Start of Block

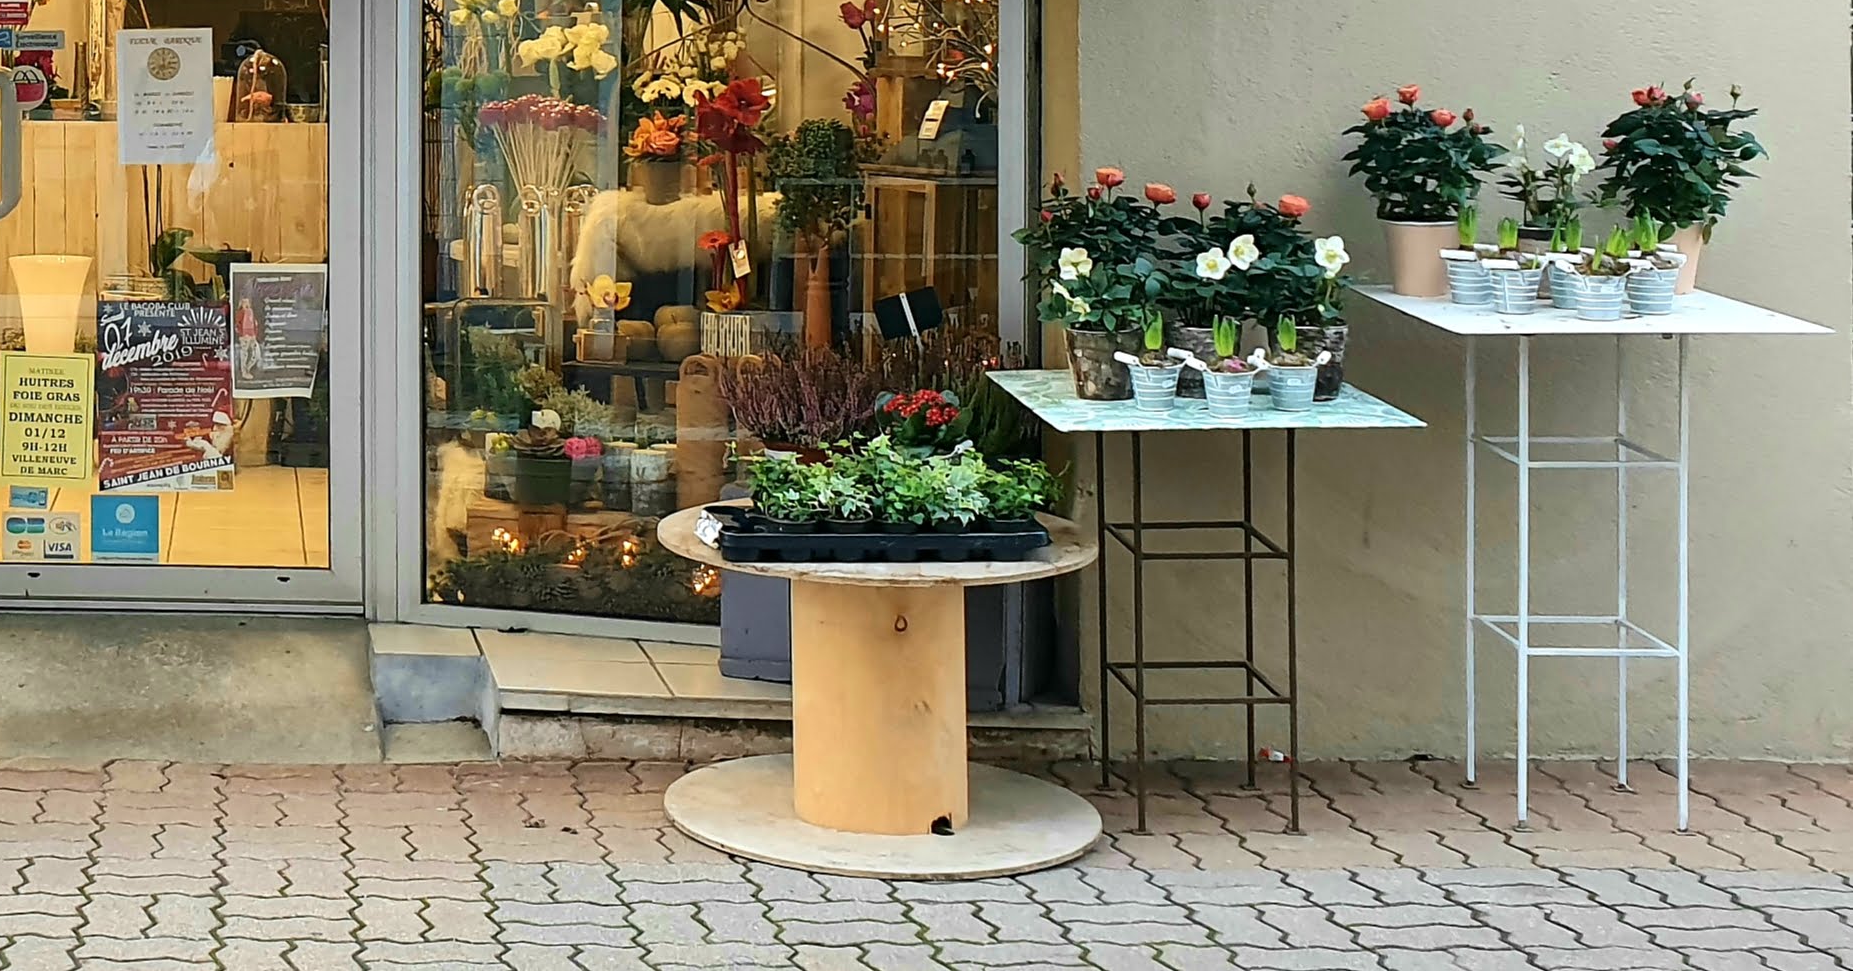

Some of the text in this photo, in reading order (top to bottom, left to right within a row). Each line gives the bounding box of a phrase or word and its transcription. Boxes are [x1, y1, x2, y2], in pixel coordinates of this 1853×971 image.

[151, 346, 193, 367] 2019
[19, 377, 75, 388] HUITRES
[13, 390, 81, 402] FOIE GRAS
[8, 412, 83, 425] DIMANCHE
[24, 428, 66, 439] 01/12
[22, 442, 67, 453] 9H-12H
[12, 454, 77, 465] VILLENEUVE
[20, 466, 68, 476] DE MARC
[103, 474, 135, 488] SAINT
[137, 468, 163, 481] JEAN
[166, 465, 180, 476] DE
[182, 456, 232, 471] BOURNAY
[48, 542, 72, 552] VISA

End of Block

• Task:
Give all the lines above again, character for character, without pictures.

• Solution below:
Some of the text in this photo, in reading order (top to bottom, left to right within a row). Each line gives the bounding box of a phrase or word and its transcription. Boxes are [x1, y1, x2, y2], in pixel coordinates of this 1853×971 image.

[151, 346, 193, 367] 2019
[19, 377, 75, 388] HUITRES
[13, 390, 81, 402] FOIE GRAS
[8, 412, 83, 425] DIMANCHE
[24, 428, 66, 439] 01/12
[22, 442, 67, 453] 9H-12H
[12, 454, 77, 465] VILLENEUVE
[20, 466, 68, 476] DE MARC
[103, 474, 135, 488] SAINT
[137, 468, 163, 481] JEAN
[166, 465, 180, 476] DE
[182, 456, 232, 471] BOURNAY
[48, 542, 72, 552] VISA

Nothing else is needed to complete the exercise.